The ‘Suicide Pod’ Claims Its First Victim, Delighting Its Inventor

The American woman, who has yet to be identified, was 64 years old.

This photograph shows a view of the Sarco assisted suicide capsule, during a press conference organised by the "Last Resort", a Swiss human rights non-profit association focused on assisted suicide, in Zurich on July 17, 2024.
This photograph shows a view of the Sarco assisted suicide capsule, during a press conference organised by the "Last Resort", a Swiss human rights non-profit association focused on assisted suicide, in Zurich on July 17, 2024. (photo: Arnd Wiegmann / Getty )

Once inside the sealed chamber of the futuristic Sarco “suicide pod” the woman was given an eerie command: “If you want to die, press this button.” 

So she did, and the chamber flooded with nitrogen gas. Her oxygen levels plummeted, causing her to pass out. She was dead within minutes.  
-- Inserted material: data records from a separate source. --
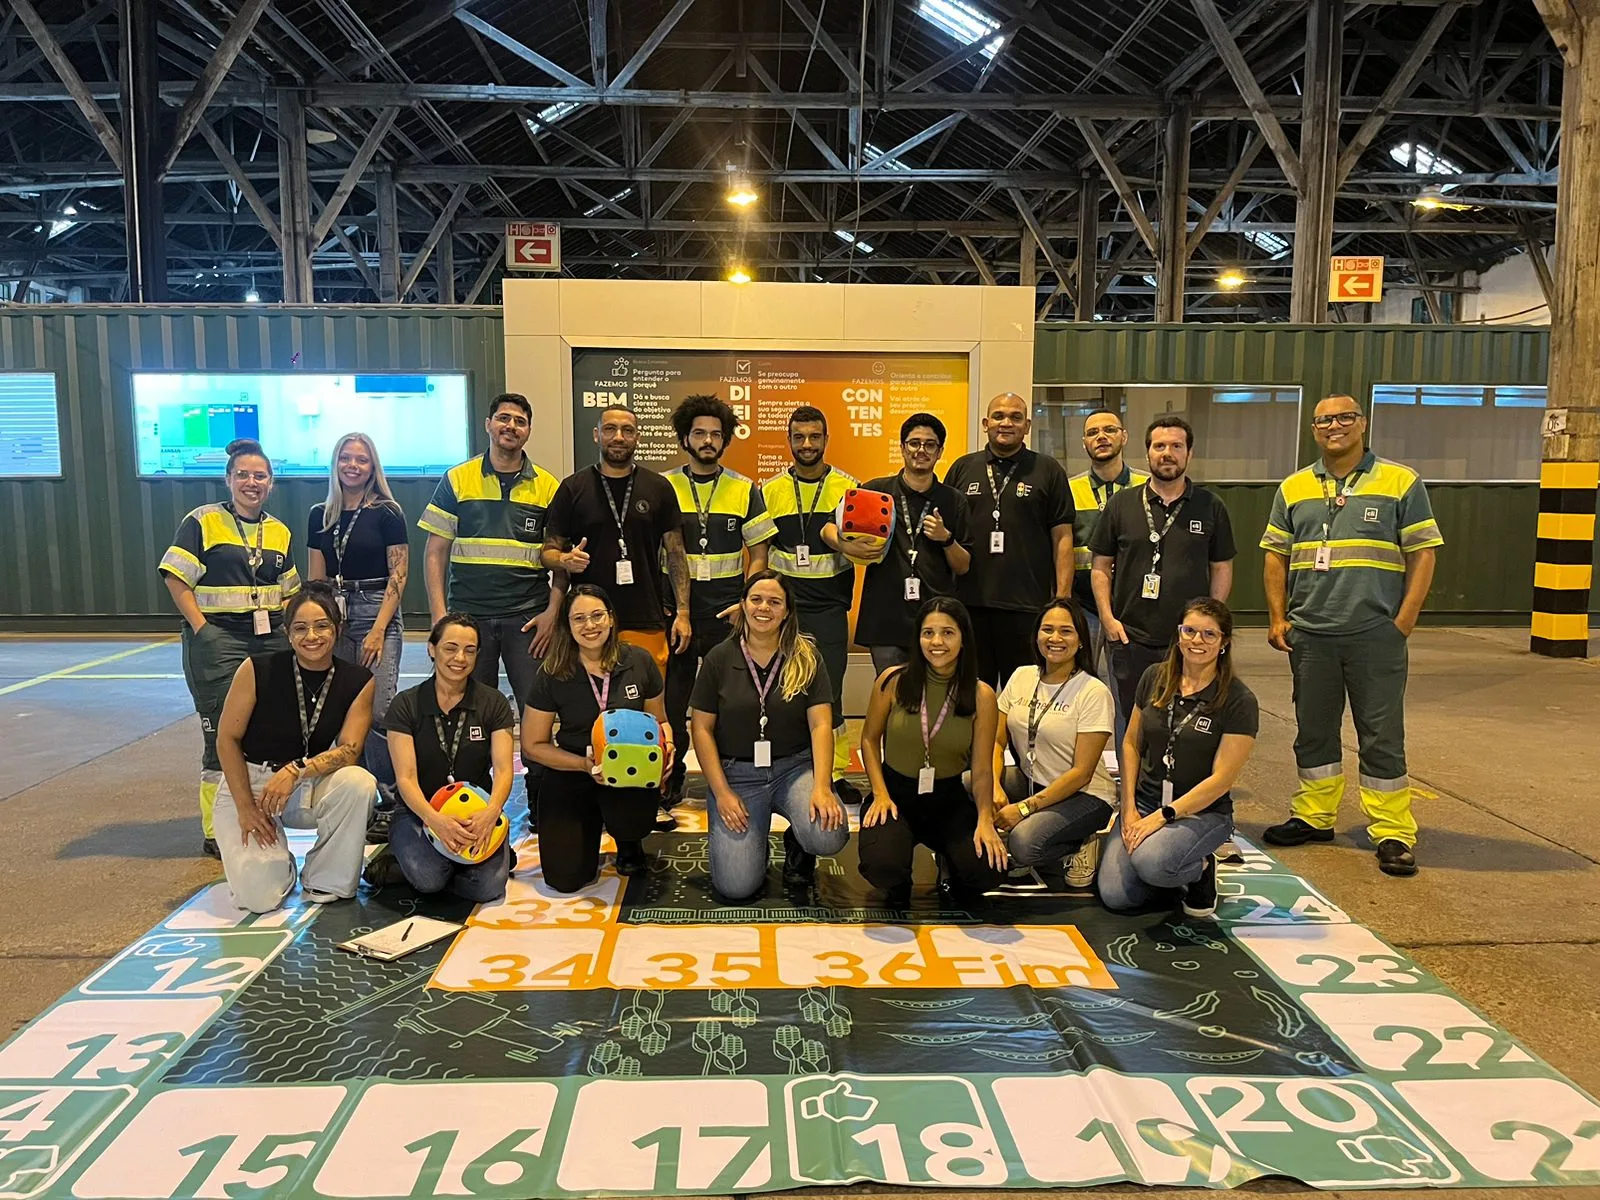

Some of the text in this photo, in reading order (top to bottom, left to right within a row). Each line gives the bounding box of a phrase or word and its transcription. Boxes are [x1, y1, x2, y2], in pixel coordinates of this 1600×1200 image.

[583, 392, 628, 408] BEM
[730, 385, 750, 401] DI
[842, 388, 882, 403] CON
[732, 405, 750, 420] EI
[847, 406, 882, 420] TEN
[734, 424, 751, 440] O
[850, 423, 882, 437] TES
[497, 897, 607, 925] 33
[1223, 895, 1348, 922] 24
[147, 957, 263, 992] 12
[468, 953, 594, 987] 34
[642, 952, 762, 987] 35
[813, 951, 927, 985] 36
[946, 954, 1093, 986] Fim
[1296, 954, 1424, 988] 23
[54, 1033, 187, 1081] 13
[1373, 1025, 1512, 1072] 22
[1196, 1079, 1377, 1132] 20
[168, 1131, 323, 1198] 15
[404, 1128, 541, 1196] 16
[631, 1125, 770, 1190] 17
[851, 1122, 1002, 1184] 18
[1075, 1117, 1240, 1188] 19
The woman, who has yet to be identified, was 64 years old. An American suffering from a severely compromised immune system, she’d flown to Switzerland to obtain an assisted suicide using the hideously sleek invention, which had been placed beneath a canopy of trees in the Swiss woodlands.  

Her death earlier last week marks the first time someone is known to have used the pod for its intended purposes. Reports indicate she was suffering from a very serious illness for at least two years. Switzerland is one of the few countries in the world where foreigners can travel for the purpose of obtaining an assisted suicide.  

Reacting to the news of the Sarco’s inaugural usage, Bishop Felix Gmür of Basel, president of the Swiss bishops’ conference, told Swiss media the pod was “dangerous” because it “makes suicide too easy to access.” 

The Catholic Church teaches that suicide, whether assisted by a physician to reduce suffering or as an expression of individual autonomy, is a grave moral evil.   

“Intentional euthanasia, whatever its forms or motives, is murder,” reads the Catechism of the Catholic Church. “It is gravely contrary to the dignity of the human person and to the respect due to the living God, his Creator. Suicide is seriously contrary to justice, hope, and charity. It is forbidden by the fifth commandment.” 

Local authorities also had a negative reaction. Immediately following the announcement of Sarco’s inaugural usage, made to the Swiss press by the pod’s inventor, Philip Nitschke, Swiss police arrived at the scene and seized the Sarco. Several arrests were made of individuals associated with The Last Resort, a non-profit that advocates for assisted suicide in Switzerland, which had supervised the woman’s death.   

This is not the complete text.